Institute for Biomedical Informatics, University of Pennsylvania, Philadelphia, PA, 19104-6021, USA.
Department of Computer Science, Ben-Gurion University, Beer Sheva, 84105, Israel.
Sci Rep. 2021 Feb 11;11(1):3629. doi: 10.1038/s41598-021-83247-4.
Conservation machine learning conserves models across runs, users, and experiments-and puts them to good use. We have previously shown the merit of this idea through a small-scale preliminary experiment, involving a single dataset source, 10 datasets, and a single so-called cultivation method-used to produce the final ensemble. In this paper, focusing on classification tasks, we perform extensive experimentation with conservation random forests, involving 5 cultivation methods (including a novel one introduced herein-lexigarden), 6 dataset sources, and 31 datasets. We show that significant improvement can be attained by making use of models we are already in possession of anyway, and envisage the possibility of repositories of models (not merely datasets, solutions, or code), which could be made available to everyone, thus having conservation live up to its name, furthering the cause of data and computational science.

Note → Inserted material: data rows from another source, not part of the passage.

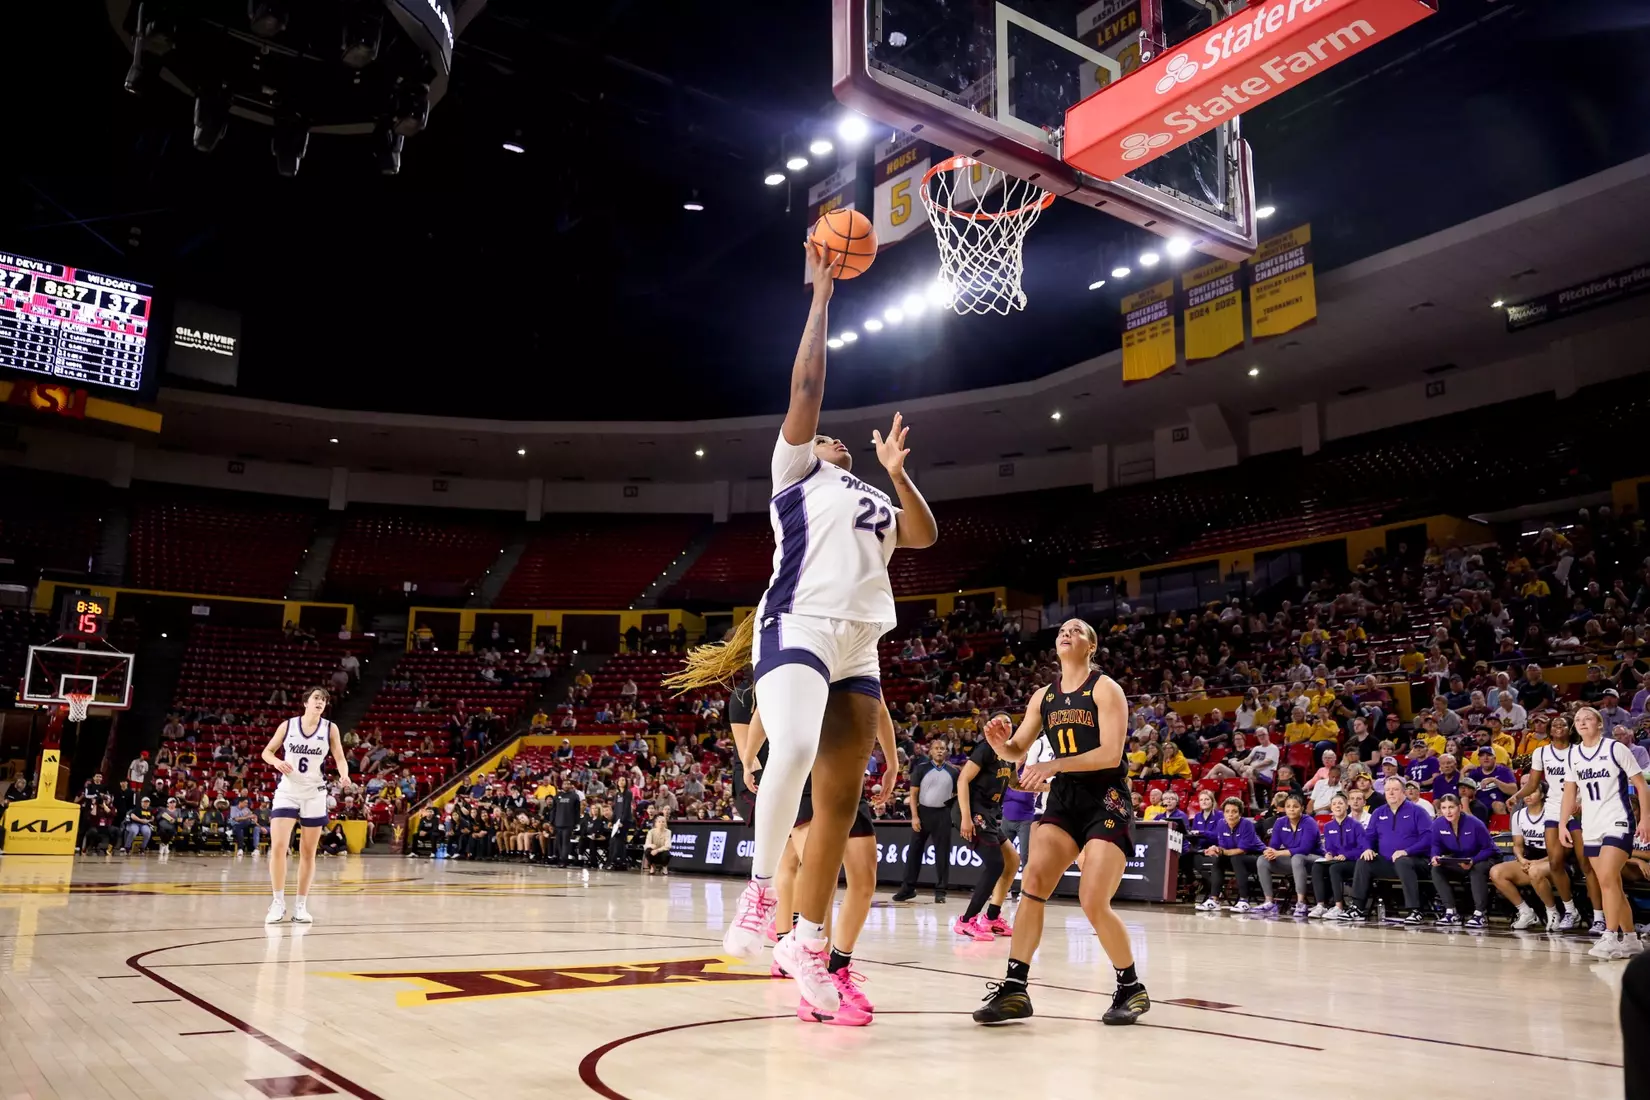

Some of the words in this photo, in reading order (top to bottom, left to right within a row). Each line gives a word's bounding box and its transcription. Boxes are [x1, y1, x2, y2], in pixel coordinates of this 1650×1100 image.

[1096, 9, 1137, 48] LEVER
[886, 148, 917, 175] HOUSE
[890, 178, 913, 227] 5
[16, 258, 52, 273] DEVILS
[1255, 248, 1305, 273] CONFERENCE
[1255, 257, 1306, 282] CHAMPIONS
[44, 280, 89, 301] 8:37
[87, 274, 137, 292] WILDCATS
[1189, 274, 1234, 297] CONFERENCE
[1558, 277, 1617, 304] Pitchfork
[108, 294, 139, 314] 37
[1189, 283, 1235, 307] CHAMPIONS
[1126, 300, 1167, 321] CONFERENCE
[1126, 308, 1168, 330] CHAMPIONS
[1189, 306, 1210, 321] 2024
[176, 326, 202, 339] GILA
[203, 332, 234, 346] RIVER
[854, 496, 892, 544] 22
[77, 600, 102, 615] 8:36
[79, 614, 97, 634] 15
[289, 742, 323, 756] Wildcats
[1057, 728, 1078, 754] 11
[298, 757, 309, 774] 6
[1576, 767, 1611, 781] Wildcats
[1586, 781, 1601, 801] 11
[11, 819, 74, 833] KIA
[677, 834, 697, 844] RIVER
[712, 836, 724, 844] YOU
[710, 852, 721, 860] YOU
[885, 844, 898, 863] &

保护机器学习在运行、用户和实验之间保存模型,并充分利用它们。我们之前通过一个小规模的初步实验展示了这个想法的优点,该实验涉及一个数据集来源、10 个数据集和一个单一的所谓培养方法,用于生成最终的集成。在本文中,我们专注于分类任务,使用保护随机森林进行了广泛的实验,涉及 5 种培养方法(包括本文介绍的一种新方法——lexigarden)、6 个数据集来源和 31 个数据集。我们表明,通过利用我们已经拥有的模型,可以获得显著的改进,并设想了模型存储库(不仅仅是数据集、解决方案或代码)的可能性,这些存储库可以提供给所有人,从而使保护名副其实,进一步推动数据和计算科学的发展。